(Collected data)
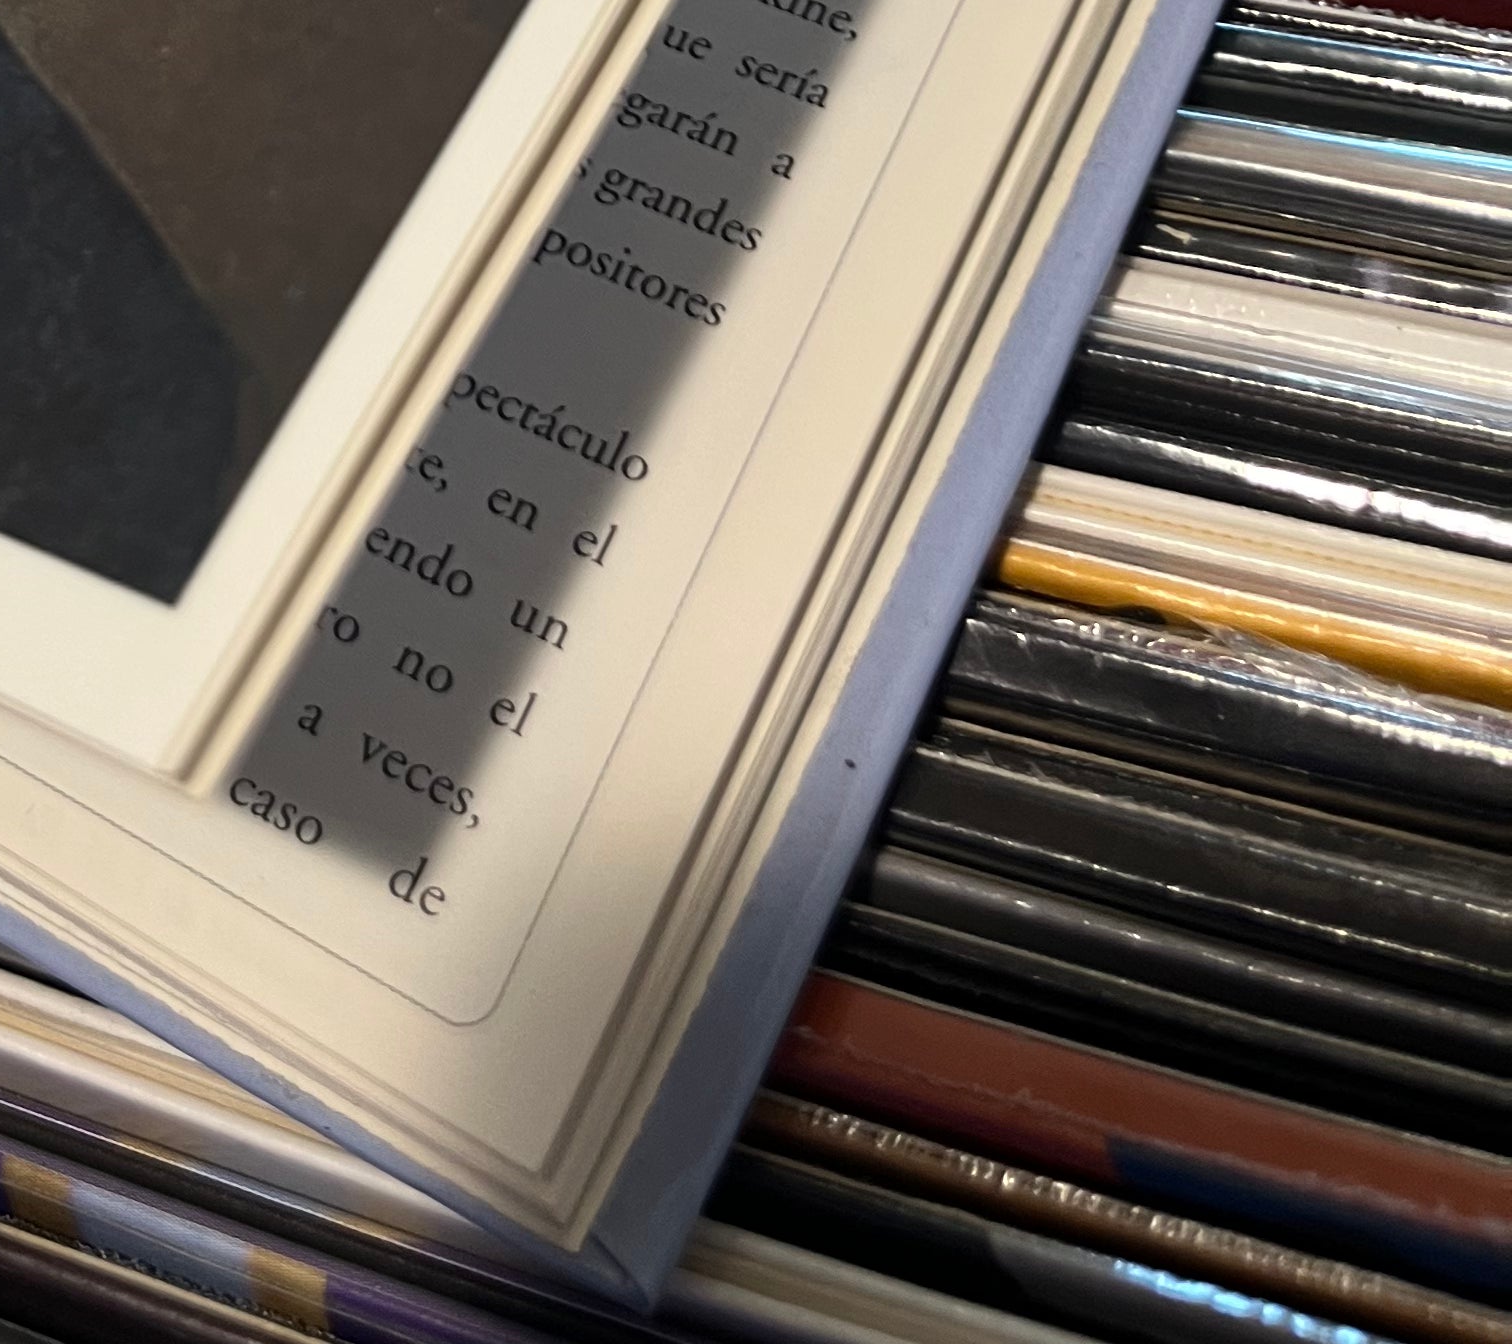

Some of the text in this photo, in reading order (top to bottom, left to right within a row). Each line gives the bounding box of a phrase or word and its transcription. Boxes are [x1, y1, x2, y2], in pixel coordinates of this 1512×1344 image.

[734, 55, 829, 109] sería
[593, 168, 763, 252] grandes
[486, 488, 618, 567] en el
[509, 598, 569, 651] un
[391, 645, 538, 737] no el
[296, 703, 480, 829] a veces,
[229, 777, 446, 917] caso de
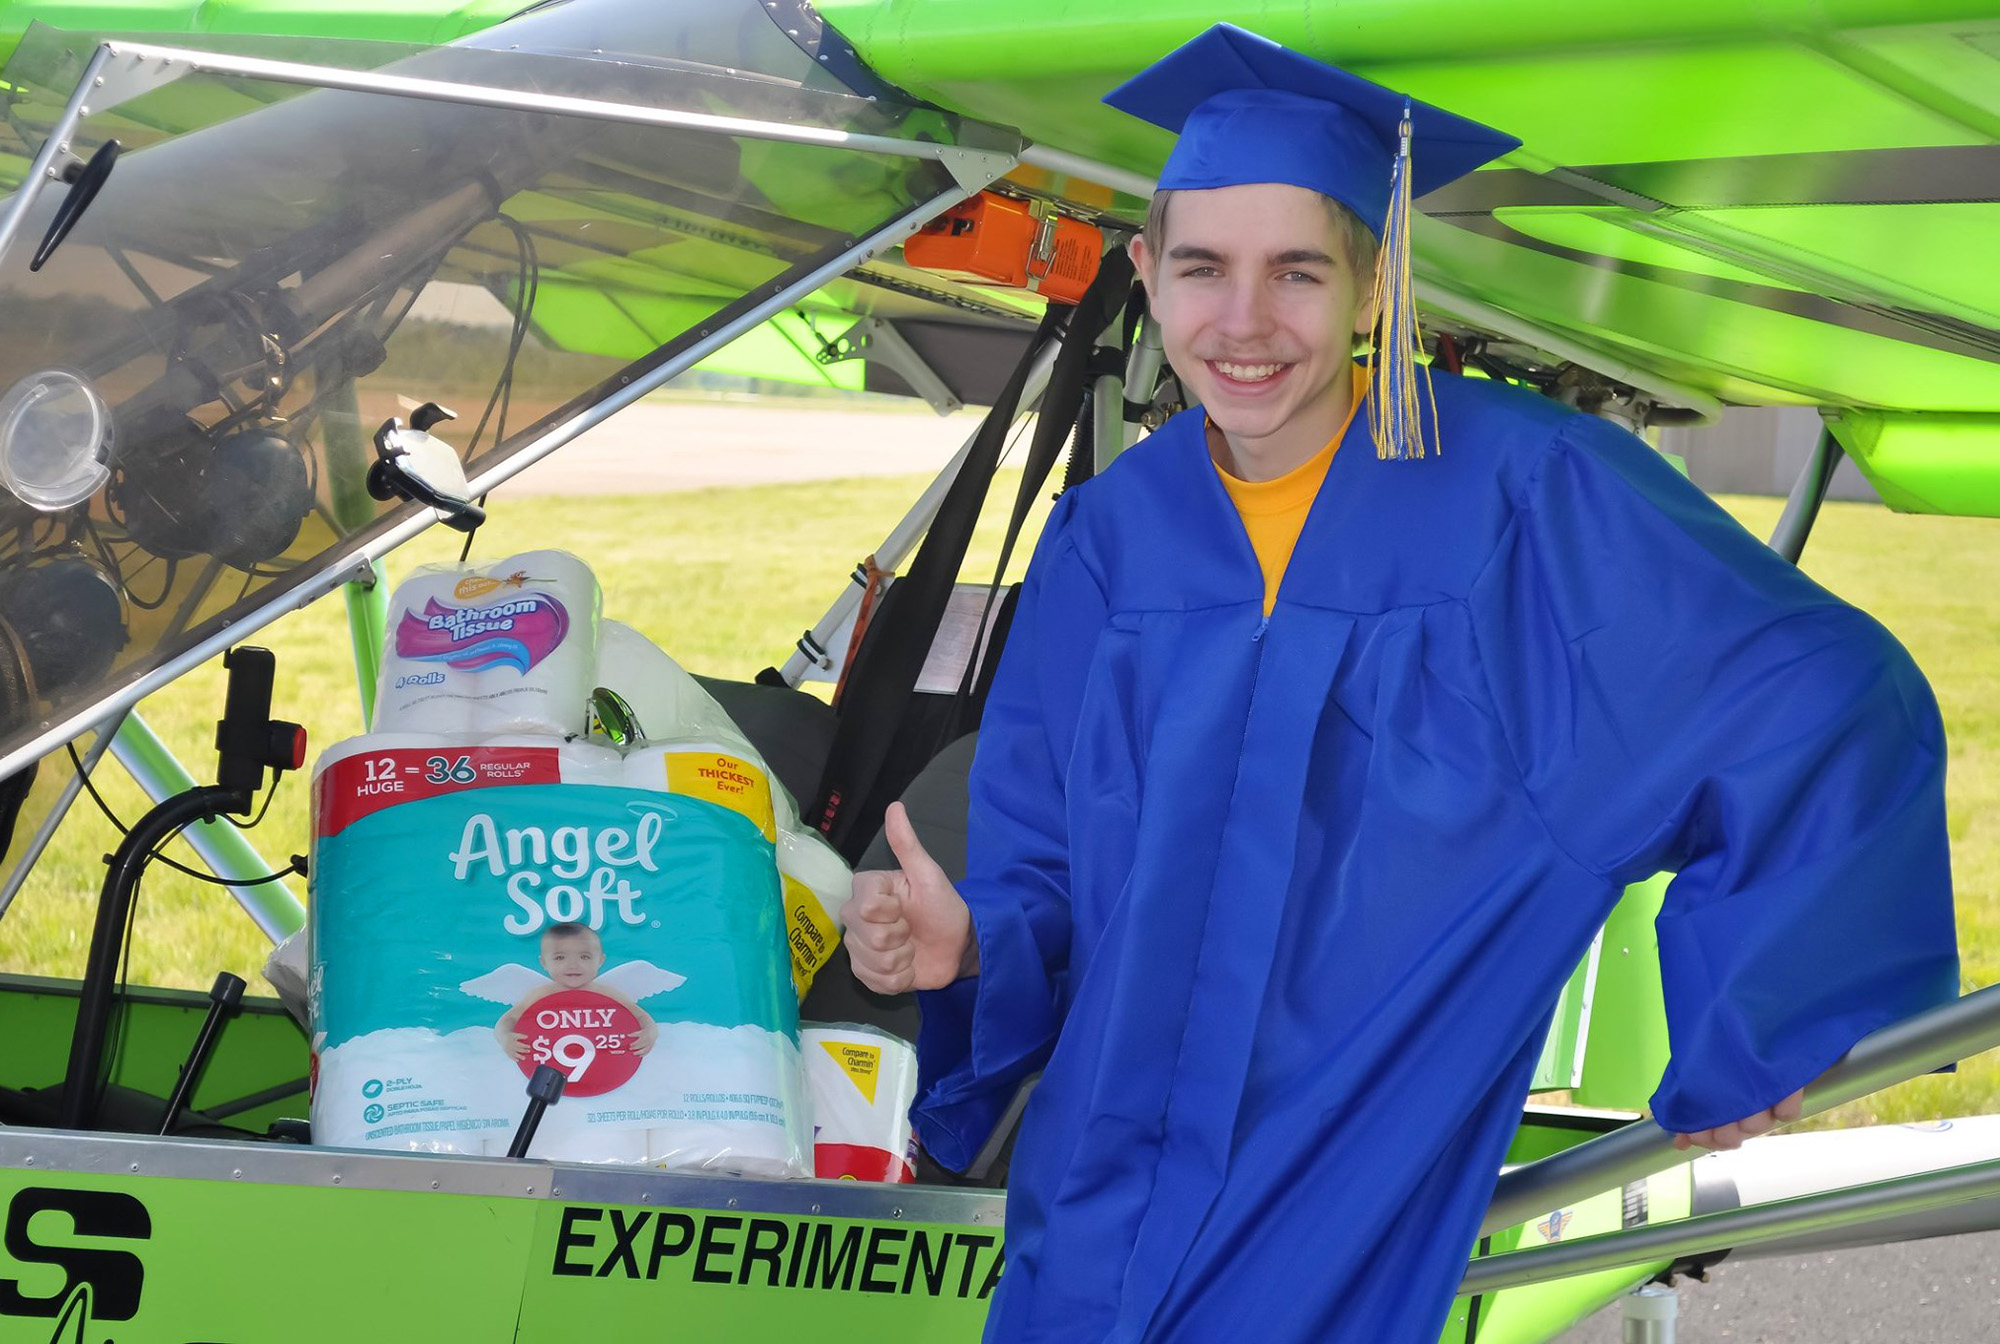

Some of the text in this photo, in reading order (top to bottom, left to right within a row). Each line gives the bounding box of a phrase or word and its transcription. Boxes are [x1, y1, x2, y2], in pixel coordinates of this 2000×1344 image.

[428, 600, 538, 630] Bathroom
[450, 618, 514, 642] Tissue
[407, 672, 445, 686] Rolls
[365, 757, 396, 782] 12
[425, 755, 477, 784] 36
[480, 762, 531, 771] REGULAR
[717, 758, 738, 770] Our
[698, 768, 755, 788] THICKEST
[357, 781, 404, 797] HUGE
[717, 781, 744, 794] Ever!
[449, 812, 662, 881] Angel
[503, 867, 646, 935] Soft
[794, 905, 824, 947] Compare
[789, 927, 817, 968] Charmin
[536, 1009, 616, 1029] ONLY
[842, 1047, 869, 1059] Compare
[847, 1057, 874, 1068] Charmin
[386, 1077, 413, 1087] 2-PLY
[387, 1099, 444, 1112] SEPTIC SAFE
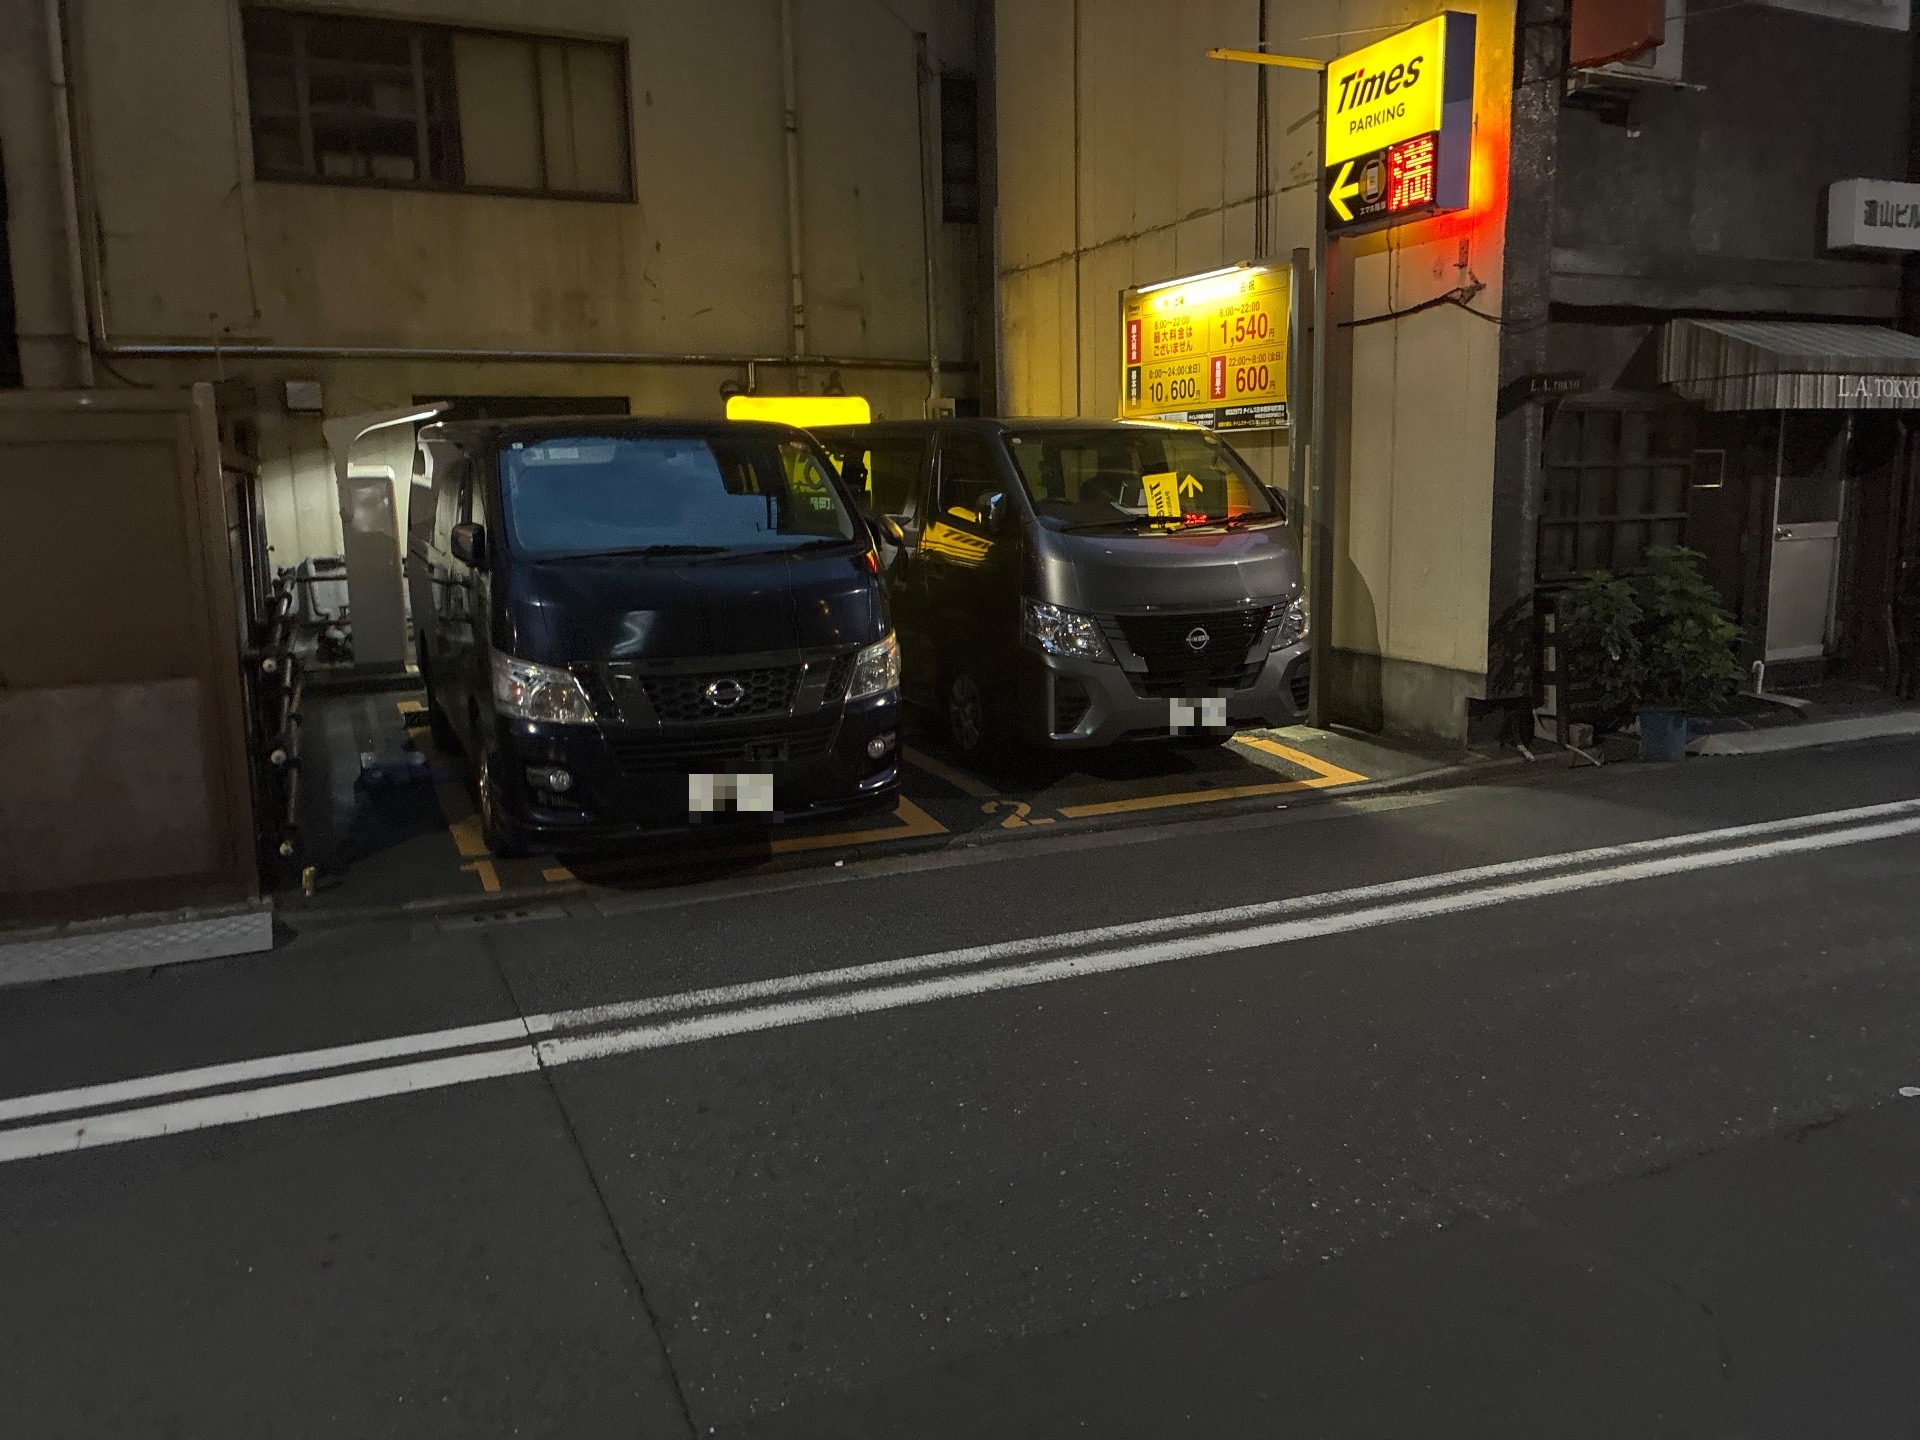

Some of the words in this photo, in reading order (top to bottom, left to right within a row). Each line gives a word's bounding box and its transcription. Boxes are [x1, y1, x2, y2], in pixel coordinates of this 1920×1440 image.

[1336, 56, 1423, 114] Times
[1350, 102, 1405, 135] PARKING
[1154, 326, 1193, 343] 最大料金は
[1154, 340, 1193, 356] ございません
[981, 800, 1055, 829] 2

The problem: Omit the pictures. Transcribe every record exactly.

Your solution:
Some of the text in this photo, in reading order (top to bottom, left to right within a row). Each line gives the bounding box of a phrase or word and its transcription. Boxes are [x1, y1, x2, y2], in pixel coordinates of this 1512×1344 image.

[734, 55, 829, 109] sería
[593, 168, 763, 252] grandes
[486, 488, 618, 567] en el
[509, 598, 569, 651] un
[391, 645, 538, 737] no el
[296, 703, 480, 829] a veces,
[229, 777, 446, 917] caso de

Some of the text in this photo, in reading order (top to bottom, left to right within a row). Each line gives the bounding box of a phrase or word and its transcription. Boxes are [x1, y1, x2, y2], in pixel coordinates of this 2000×1344 image.

[428, 600, 538, 630] Bathroom
[450, 618, 514, 642] Tissue
[407, 672, 445, 686] Rolls
[365, 757, 396, 782] 12
[425, 755, 477, 784] 36
[480, 762, 531, 771] REGULAR
[717, 758, 738, 770] Our
[698, 768, 755, 788] THICKEST
[357, 781, 404, 797] HUGE
[717, 781, 744, 794] Ever!
[449, 812, 662, 881] Angel
[503, 867, 646, 935] Soft
[794, 905, 824, 947] Compare
[789, 927, 817, 968] Charmin
[536, 1009, 616, 1029] ONLY
[842, 1047, 869, 1059] Compare
[847, 1057, 874, 1068] Charmin
[386, 1077, 413, 1087] 2-PLY
[387, 1099, 444, 1112] SEPTIC SAFE

Some of the words in this photo, in reading order (top to bottom, left to right within a row). Each line gives a word's bounding box and its transcription. Boxes are [x1, y1, x2, y2], in pixel coordinates of this 1920×1440 image.

[1336, 56, 1423, 114] Times
[1350, 102, 1405, 135] PARKING
[1154, 326, 1193, 343] 最大料金は
[1154, 340, 1193, 356] ございません
[981, 800, 1055, 829] 2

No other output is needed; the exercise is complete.